Opinion & Analysis
Written by: Jasmeet Bhatia | VP, Decision Science Team Lead, Truist
Updated 2:48 PM UTC, Fri December 13, 2024
Small businesses are the backbone of the U.S. economy. They recovered steadily after the pandemic and have shown resilience in recent years amid rising rates and high inflation. According to the U.S. Chamber of Commerce, 33 million small businesses employ nearly half the entire American workforce and represent 43.5% of America’s GDP.
The key factors that determine Small Business success are access to capital and the ability to obtain lending as business needs evolve.
The above chart from the Federal Reserve Bank of St. Louis indicates new business applications have nearly doubled after the pandemic and there is pressure on financial institutions to serve the rising demand of higher lending appetite of these businesses in a timely manner.
According to the findings from the 2023 Small Business Credit Survey(SBCS)about half of applicants (51%)were fully approved for the financing for which they applied, resulting in financial gap challenges for the remaining 49% of applicants. Moreover, small businesses owned by people of color or immigrants led to even lower approval rates due to poor/thin business credit files which is a significant headwind in getting loans based on the traditional commercial credit score.
According to SBCS, business loan applicants most often cited an existing relationship with their lender as a factor influencing where they applied. Therefore, banks can leverage the transactional data of existing clients who apply for business loans in addition to the traditional commercial scores provided by the credit bureaus’ financial institutions.
Moreover, the advent of open banking and CFPB’s guidance around the Personal Financial Data Rights Rule will further enable banks to access their client’s cash flow data from every financial relationship.
This treasure of data can be valuable to building holistic measures around the financial health of clients and developing internal credit scores. Financial institutions can capitalize on these data assets and achieve business lending growth for their existing clients while maintaining the necessary exposure to credit risk.
Machine Learning (ML) models and generative AI (GenAI) can be leveraged to decipher valuable financial insights from non-traditional data sources to gain a comprehensive understanding of the small business owner’s finances. Key financial ratios around a business’s balance sheet can be built based on the monthly outflows (Payments to vendors/utility, etc.) and monthly revenue generated that can be critical inputs to predict future cash flows.

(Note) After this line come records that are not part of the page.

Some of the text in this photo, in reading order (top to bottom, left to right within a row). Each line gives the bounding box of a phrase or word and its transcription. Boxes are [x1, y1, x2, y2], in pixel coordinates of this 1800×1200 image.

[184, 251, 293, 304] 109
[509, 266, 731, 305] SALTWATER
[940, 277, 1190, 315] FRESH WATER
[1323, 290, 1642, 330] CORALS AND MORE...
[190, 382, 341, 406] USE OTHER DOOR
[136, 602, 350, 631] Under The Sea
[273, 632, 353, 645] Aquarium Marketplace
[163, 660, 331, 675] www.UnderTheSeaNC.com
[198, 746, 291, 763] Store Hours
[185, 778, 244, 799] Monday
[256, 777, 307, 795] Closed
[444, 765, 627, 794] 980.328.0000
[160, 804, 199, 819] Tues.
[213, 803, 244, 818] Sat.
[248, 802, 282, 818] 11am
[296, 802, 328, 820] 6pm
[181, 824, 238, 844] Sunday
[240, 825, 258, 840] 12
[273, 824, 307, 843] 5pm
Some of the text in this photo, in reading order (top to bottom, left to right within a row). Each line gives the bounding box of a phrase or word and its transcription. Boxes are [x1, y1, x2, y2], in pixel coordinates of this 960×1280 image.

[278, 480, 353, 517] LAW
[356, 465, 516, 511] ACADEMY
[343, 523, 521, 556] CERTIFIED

Large Language Models (LLMs) can help mine through the contracts being signed by small businesses to determine the future flow of funds. These models can also incorporate macro industry performance as well as the activity in the geographical footprint of the business.

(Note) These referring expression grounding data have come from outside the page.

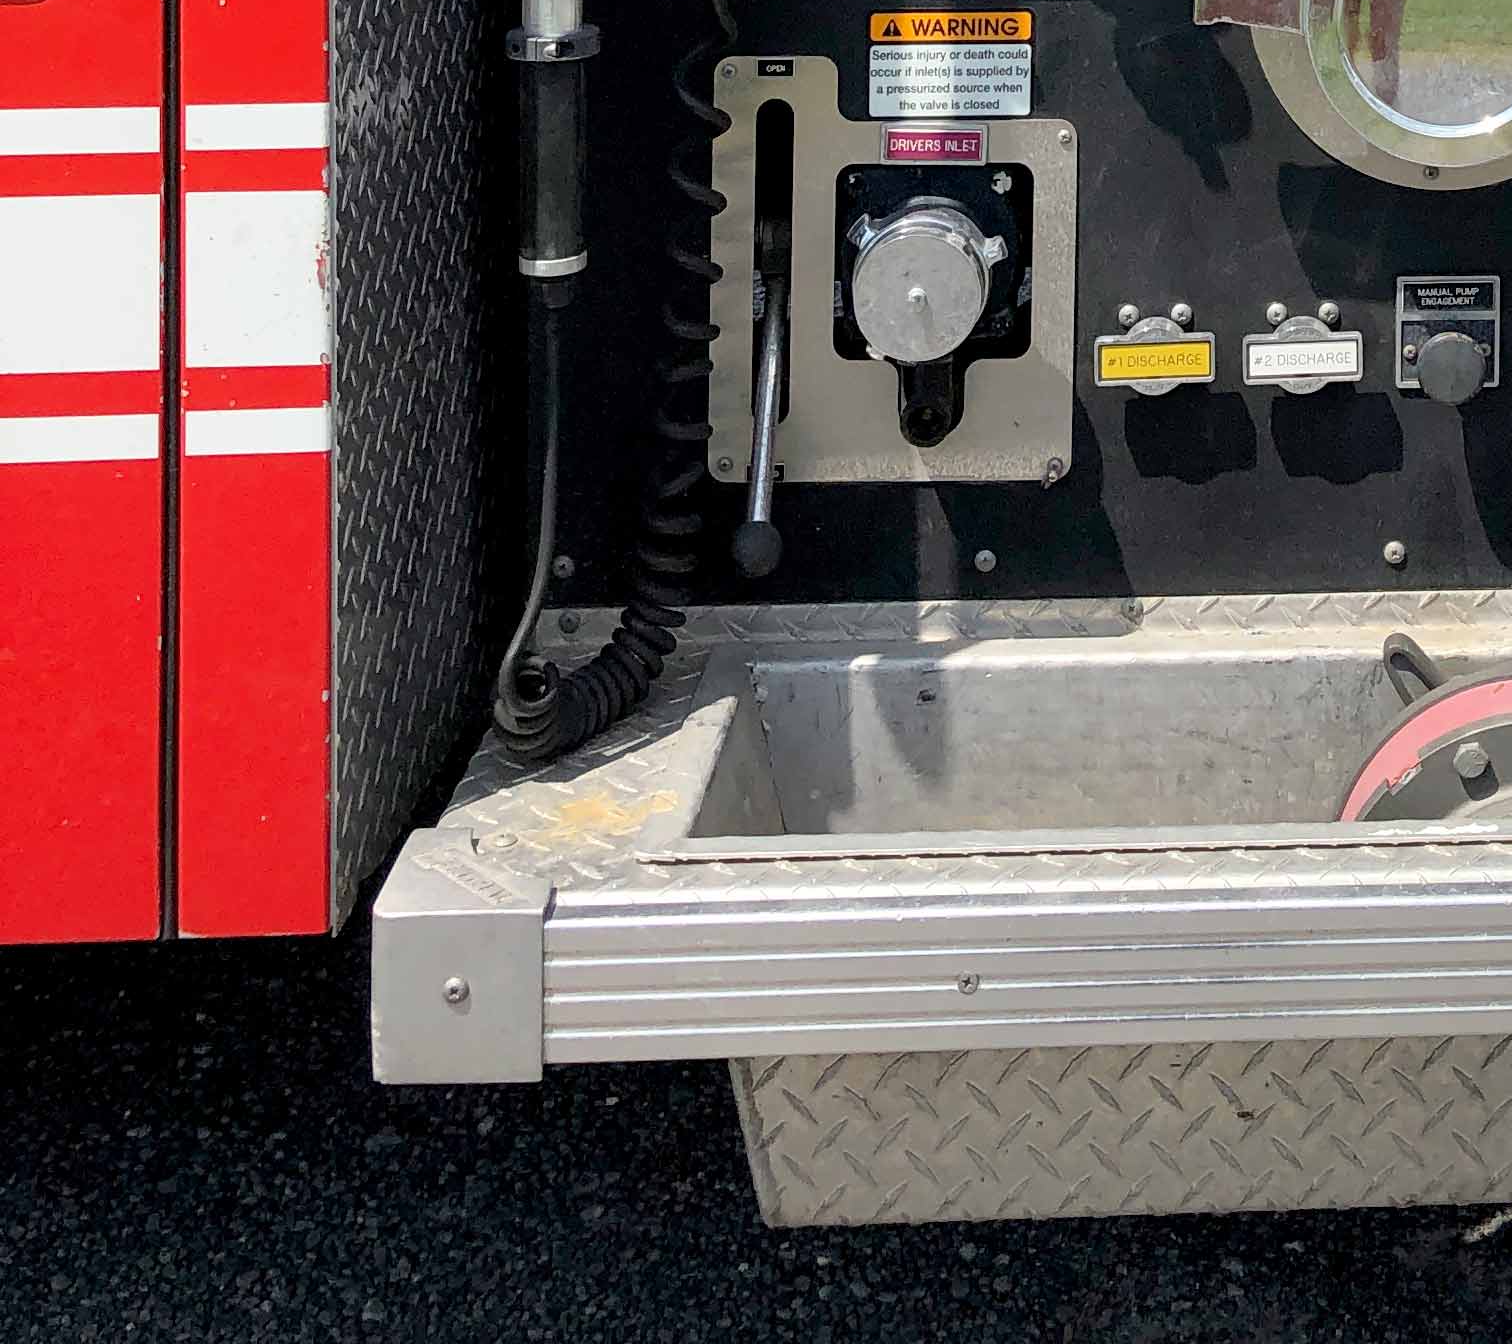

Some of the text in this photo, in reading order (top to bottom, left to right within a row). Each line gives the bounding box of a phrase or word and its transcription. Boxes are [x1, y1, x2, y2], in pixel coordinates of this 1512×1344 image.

[912, 18, 1019, 36] WARNING
[872, 49, 1028, 62] Serious injury or death could
[766, 64, 786, 72] OPEN
[871, 66, 1029, 78] occur if inlet(s) is supplied by
[886, 83, 950, 96] pressurized
[953, 84, 990, 93] source
[993, 83, 1022, 93] when
[899, 99, 1000, 110] the valve is closed
[890, 139, 978, 152] DRIVERS INLET
[1417, 287, 1480, 297] MANUAL PUMP
[1421, 297, 1475, 306] ENGAGEMENT
[1108, 353, 1202, 368] #1 DISCHARGE
[1254, 351, 1351, 367] #2 DISCHARGE

Layering in the local government growth projects and estimated economic activity can provide an overall understanding of the macro variables to append in credit decisioning. Based on all these attributes one can build an internal scoring algorithm and use it in context with the traditional credit score to expand the credit population as well as swap previously approved high-risk populations with lower risk based on a combination of scores.
As organizations explore revamping underwriting models, they can perform below steps:
Identify data assets and derived financial ratios: Understand what attributes related to the financial health of a customer exist in their database. Partner with the business team to define base attributes and derived financial ratios. Explore the external data already purchased related to the client’s cash flows.
Analysis: Leverage ML techniques to quantify the lift in the lendable population while maintaining credit risk, which is significant based on statistical measures.
Deployment: Document and work with model risk teams to socialize the model and get necessary approvals due to the highly regulated nature of the work.
Monitoring: Measure the outcomes as we get the actual performance of booked loans and iteratively fine-tune the model to deliver consistent results.
The small business financing space is growing and traditional banks need to evolve their approach to provide time-sensitive tailored solutions in the highly competitive space of fintechs/neo banks. Lending relationships are long-term and bring along the stickiness of clients that can in the future provide opportunities to deepen with higher revenue-generating merchant/treasury solutions as small businesses grow in scale.
About the Author:
Jasmeet Bhatia is VP, Decision Science Team Lead at Truist. He has 15 years of experience in the Financial Services industry and has led data science teams’ efforts to leverage advanced analytical techniques to understand customer journeys and build personalized solutions based on unique client needs.
Bhatia has three patents for ML algorithms to enhance credit underwriting using alternate data. He has been a regular speaker at multiple Data Analytics conferences and the Symposium of Data Science and Analytics organized by the American Statistical Association.